== ENTRIES PROVIDED ==
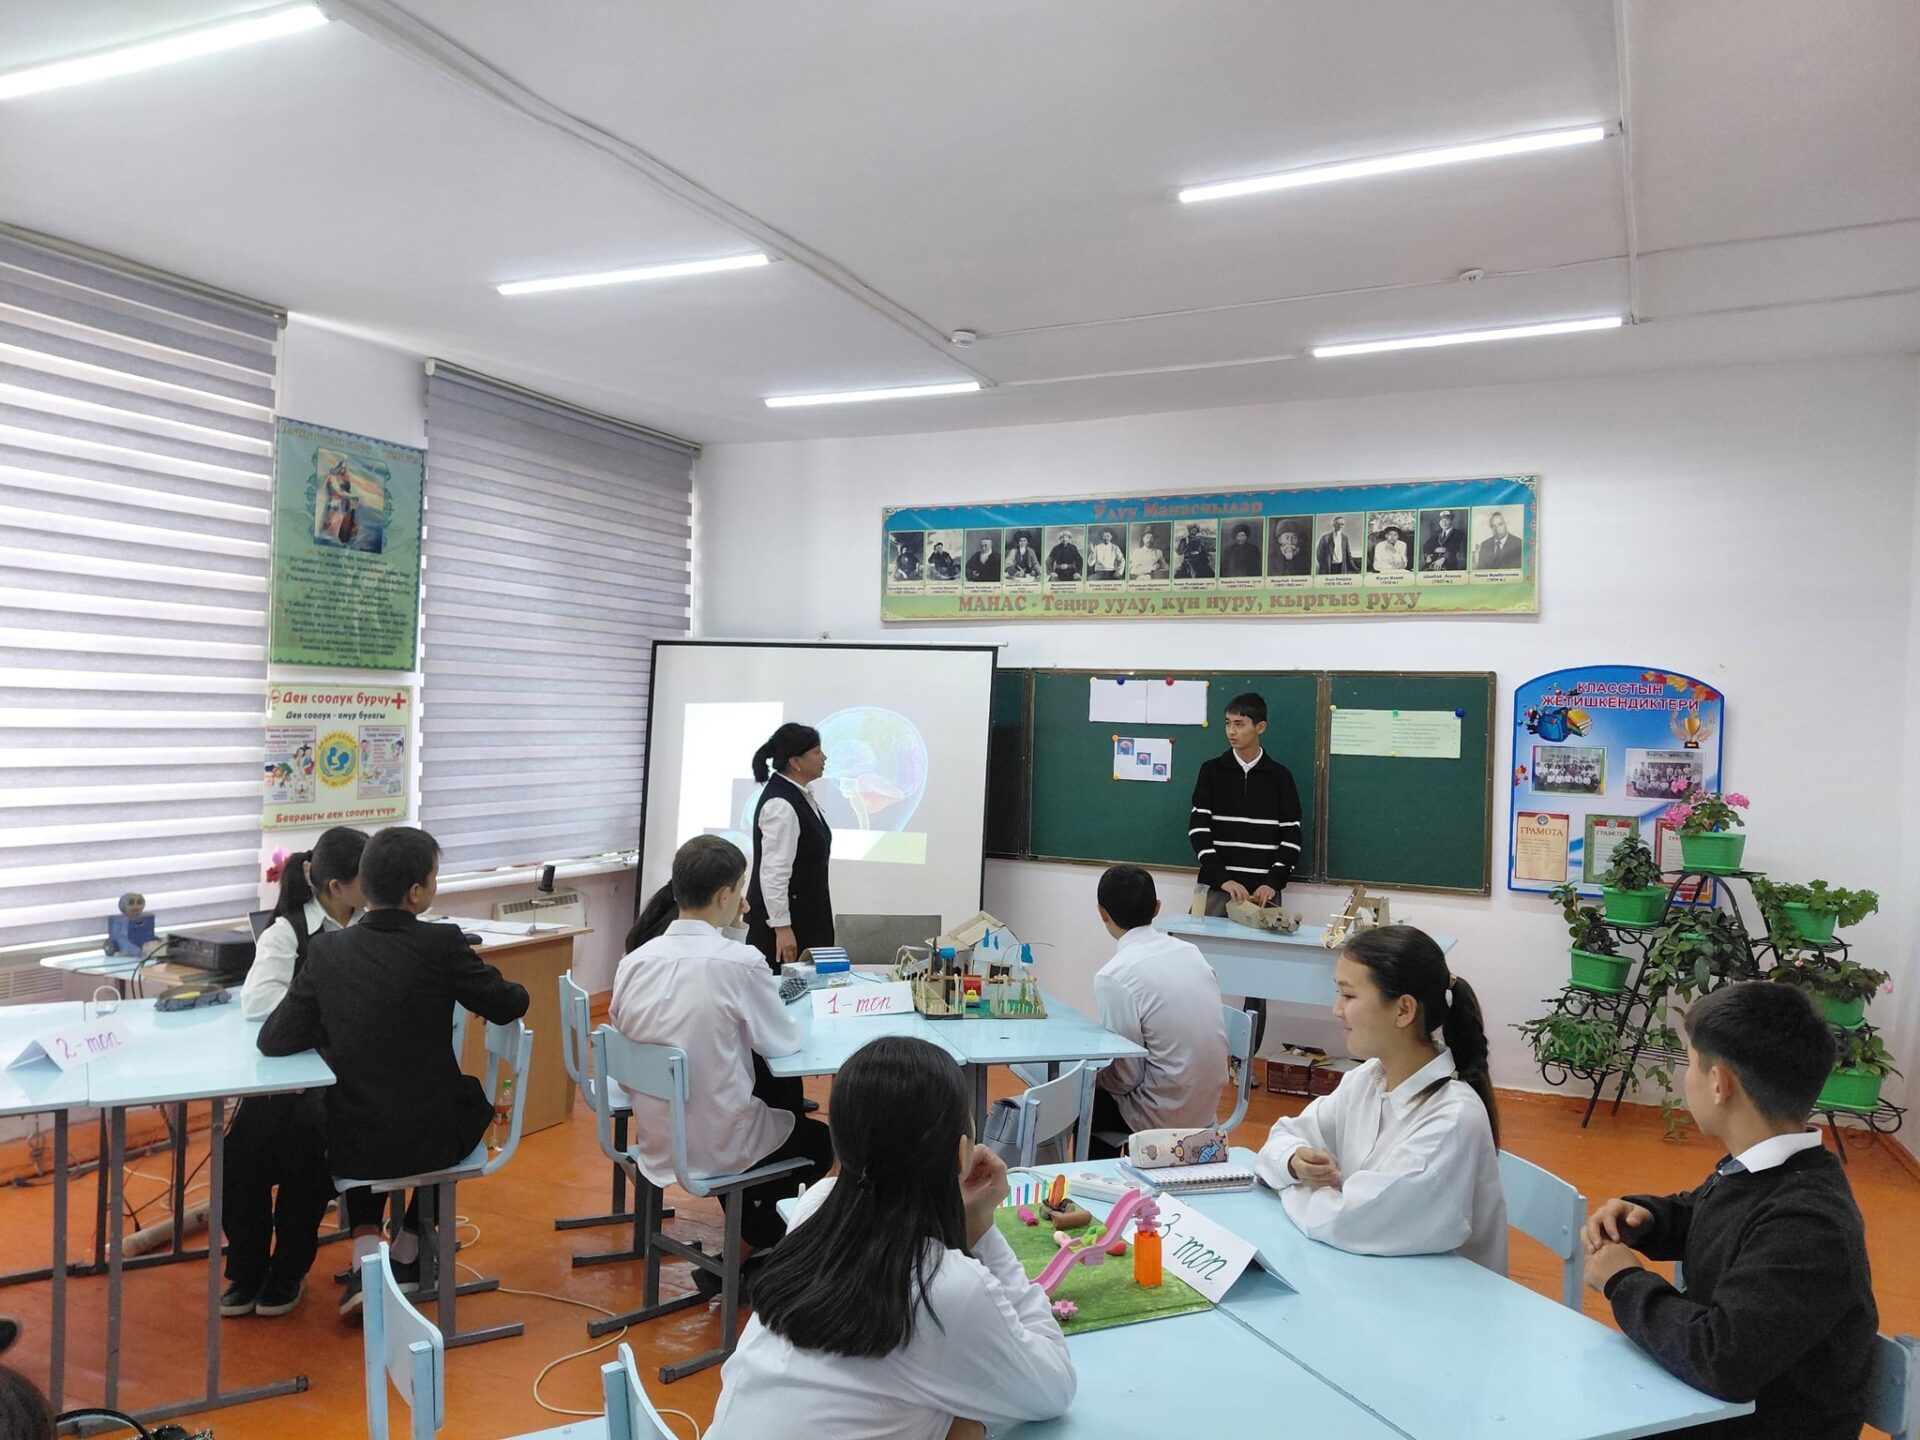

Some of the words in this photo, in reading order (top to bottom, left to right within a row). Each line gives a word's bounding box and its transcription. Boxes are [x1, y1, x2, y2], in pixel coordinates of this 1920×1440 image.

[958, 595, 1027, 611] МАНАС
[1042, 594, 1100, 613] Теңир
[1161, 596, 1201, 613] күн
[1206, 595, 1263, 612] нуру,
[1270, 593, 1360, 611] кыргыз
[1366, 592, 1423, 610] руху
[1576, 682, 1664, 696] КЛАССТЫН
[282, 691, 308, 704] Ден
[312, 693, 353, 707] соолук
[356, 692, 392, 707] бурчу
[1542, 695, 1700, 711] ЖЕТИШКЕНДИКТЕРИ
[285, 711, 302, 720] Ден
[304, 712, 332, 721] соолук
[327, 810, 344, 820] ден
[345, 808, 375, 819] соолук
[1520, 826, 1564, 837] ГРАМОТА
[1596, 829, 1628, 838] ГРАМОТА
===
> EXERCISE OBJECTIVE:
Nothing but the pictures should be left out when the listing is repeated exactly.

> SOLUTION:
Some of the words in this photo, in reading order (top to bottom, left to right within a row). Each line gives a word's bounding box and its transcription. Boxes are [x1, y1, x2, y2], in pixel coordinates of this 1920×1440 image.

[958, 595, 1027, 611] МАНАС
[1042, 594, 1100, 613] Теңир
[1161, 596, 1201, 613] күн
[1206, 595, 1263, 612] нуру,
[1270, 593, 1360, 611] кыргыз
[1366, 592, 1423, 610] руху
[1576, 682, 1664, 696] КЛАССТЫН
[282, 691, 308, 704] Ден
[312, 693, 353, 707] соолук
[356, 692, 392, 707] бурчу
[1542, 695, 1700, 711] ЖЕТИШКЕНДИКТЕРИ
[285, 711, 302, 720] Ден
[304, 712, 332, 721] соолук
[327, 810, 344, 820] ден
[345, 808, 375, 819] соолук
[1520, 826, 1564, 837] ГРАМОТА
[1596, 829, 1628, 838] ГРАМОТА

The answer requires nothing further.